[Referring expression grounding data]
-------

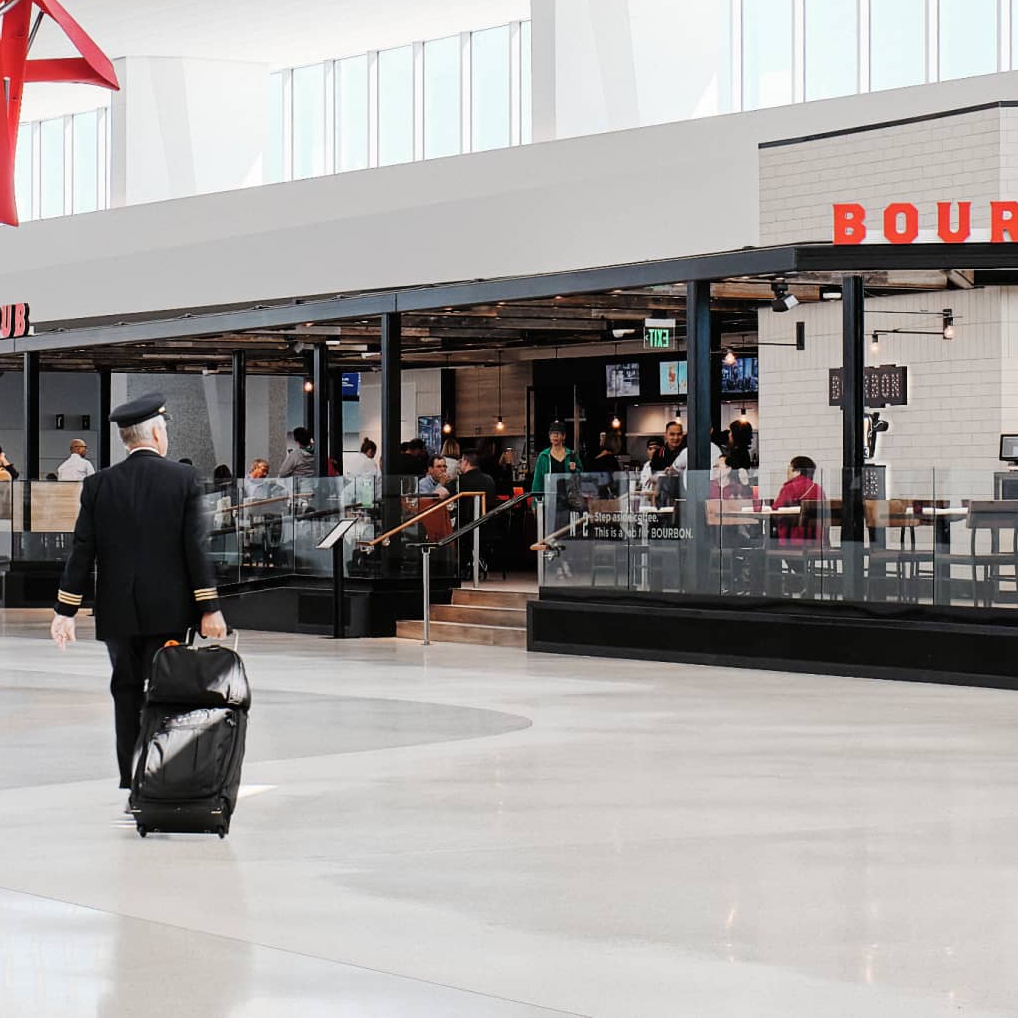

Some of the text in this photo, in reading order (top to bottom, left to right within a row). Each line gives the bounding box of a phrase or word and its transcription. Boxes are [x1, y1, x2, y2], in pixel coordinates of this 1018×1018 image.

[833, 201, 1018, 245] BOUR
[594, 511, 611, 523] Step
[594, 526, 609, 538] This
[610, 526, 617, 538] is
[651, 527, 693, 539] BOURBON.

-------

Task instructions —
Without including any picture, repeat the data exactly.

Task solution —
Some of the text in this photo, in reading order (top to bottom, left to right within a row). Each line gives the bounding box of a phrase or word and its transcription. Boxes are [x1, y1, x2, y2], in pixel coordinates of this 1018×1018 image.

[833, 201, 1018, 245] BOUR
[594, 511, 611, 523] Step
[594, 526, 609, 538] This
[610, 526, 617, 538] is
[651, 527, 693, 539] BOURBON.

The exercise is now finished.